Потом я обернулся, прислонившись спиной к двери, за которой бесновался мой преследователь, и удивился вторично тому, что золотистый свет горел только над дверью, высвечивая лишь маленький пятачок около порога. Вся остальная комната была погружена в непроницаемый мрак, так что даже нельзя было себе представить истинных размеров помещения.
Внезапно вспыхнул свет, осветивший всю комнату. Она оказалась огромной, это был зал совещаний штаб-квартиры ВОЗ, но не это испугало меня до дрожи. Вся комната была наполнена людьми. Стариками и детьми, мужчинами и женщинами, калеками и здоровыми. Все они молча стояли плотной толпой и смотрели на меня.

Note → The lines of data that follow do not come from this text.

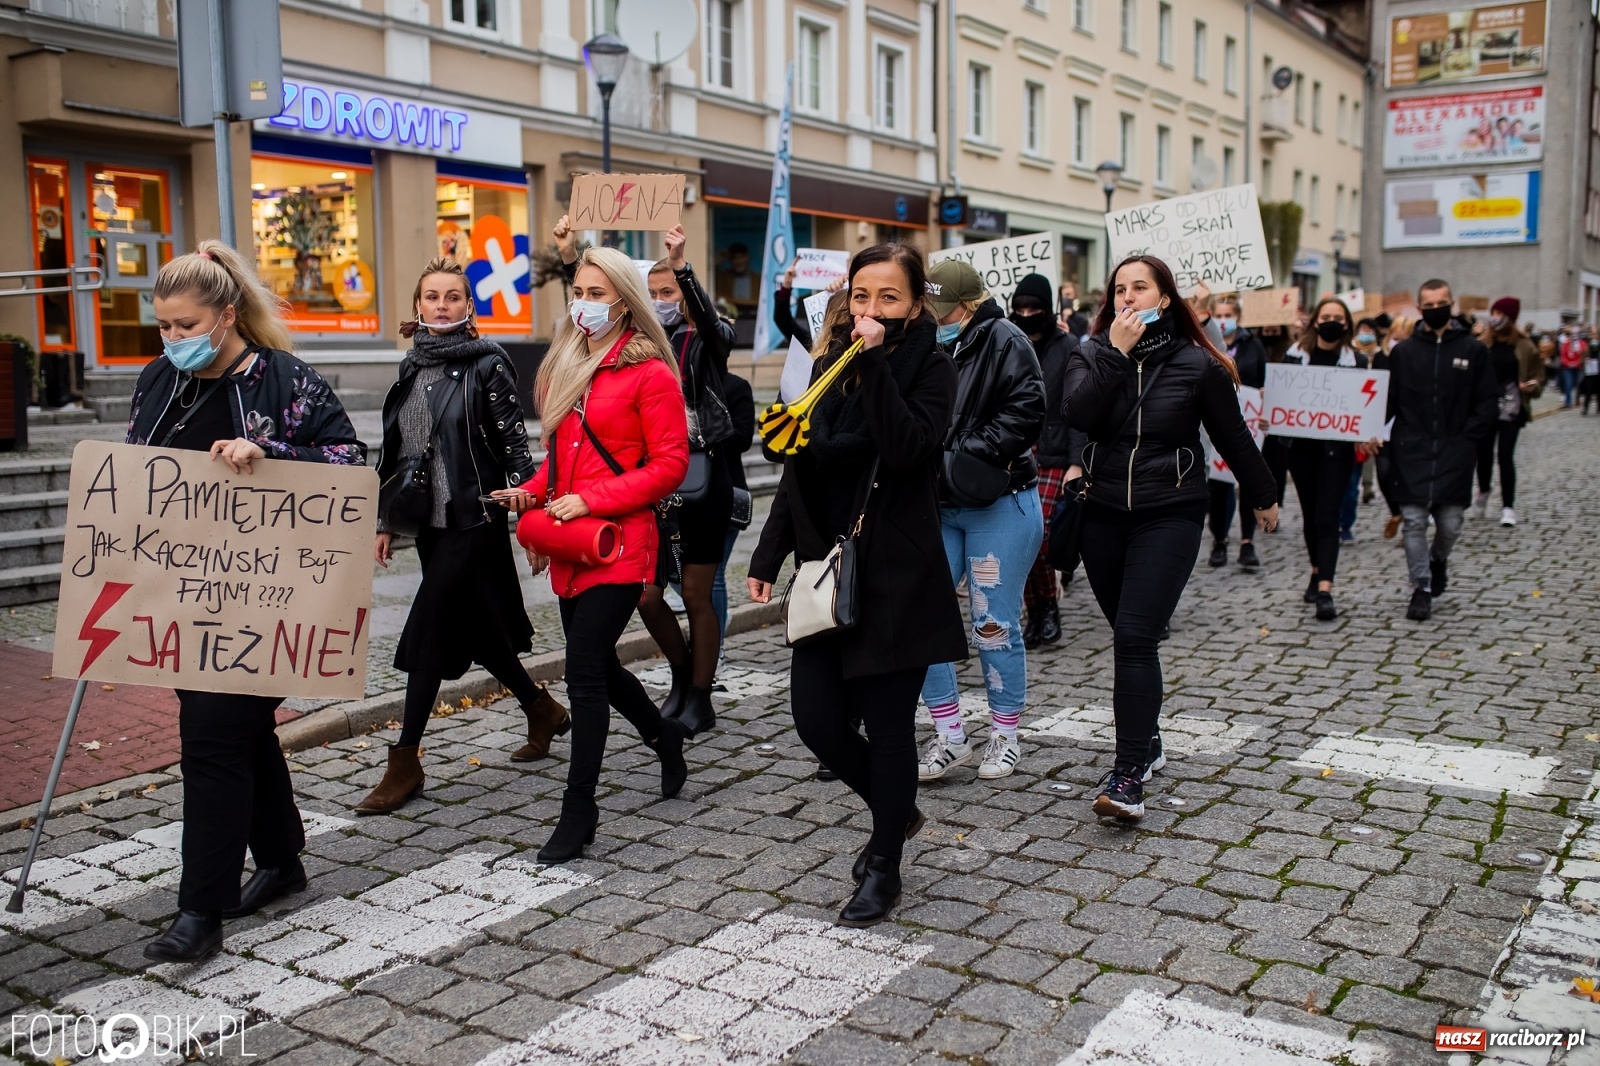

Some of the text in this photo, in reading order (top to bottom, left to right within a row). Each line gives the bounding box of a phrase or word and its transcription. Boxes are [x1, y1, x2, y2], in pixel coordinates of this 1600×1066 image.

[270, 83, 468, 150] ZDROWIT
[1395, 101, 1536, 123] ALEXANDER
[1114, 205, 1165, 236] MARS
[1176, 202, 1197, 219] OD
[1183, 213, 1233, 237] SRAM
[991, 240, 1051, 267] PRECZ
[1178, 243, 1253, 270] W DUPĘ
[980, 265, 1036, 288] OJE
[1175, 264, 1265, 291] EBANY ELO
[84, 453, 117, 514] A
[176, 577, 250, 614] FAJNY
[127, 607, 367, 678] JA TEŻ NIE!

Я заметил, что свет изменил свой цвет. Золотистый свет, до того горевший только над моей головой, теперь освещал это сборище, а надо мной вспыхнул кроваво-красный фонарь.

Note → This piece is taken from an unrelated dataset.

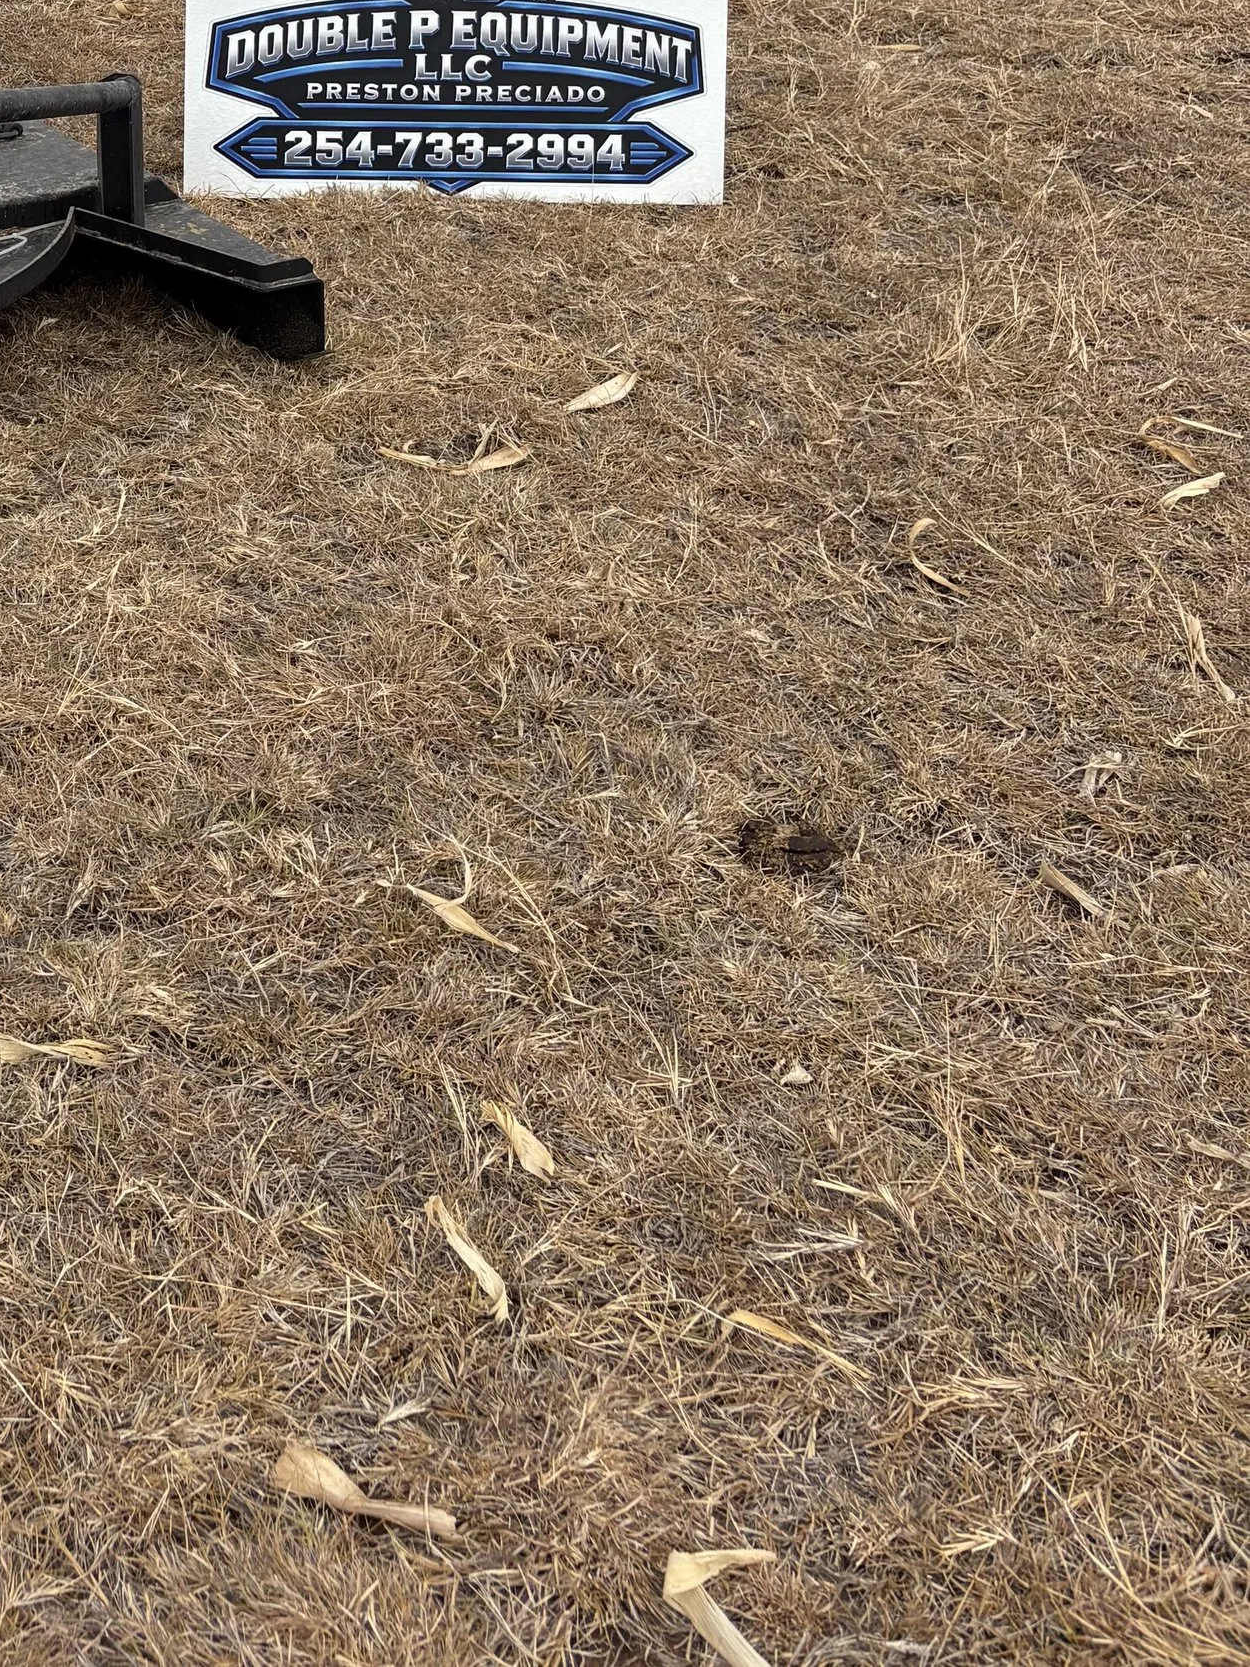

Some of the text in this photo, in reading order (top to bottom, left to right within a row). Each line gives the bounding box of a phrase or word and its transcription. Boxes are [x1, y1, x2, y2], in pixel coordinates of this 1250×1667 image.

[224, 10, 693, 84] DOUBLE P EQUIPMENT
[414, 54, 493, 82] LLC
[306, 82, 607, 104] PRESTON PRECIADO
[282, 130, 626, 171] 254-733-2994

Внезапно толпа молча расступилась, и я увидел в глубине зала, до того скрытой за спинами собравшихся, судейский стол и самого судью, высокого и стройного, в красной маске и алом плаще, с горящим над его головой нимбом багряного пламени.
– Бенджамин Роджерс! – произнес судья, и его голос, словно гром, прокатился по всему залу. – Мы пришли сюда для того, чтобы предать Суду Справедливости самого кровавого палача, на счету которого более тысячи жертв!
– Кто это мы? – набравшись смелости, выкрикнул я, и мой голос прозвучал, словно комариный писк в этом огромном зале.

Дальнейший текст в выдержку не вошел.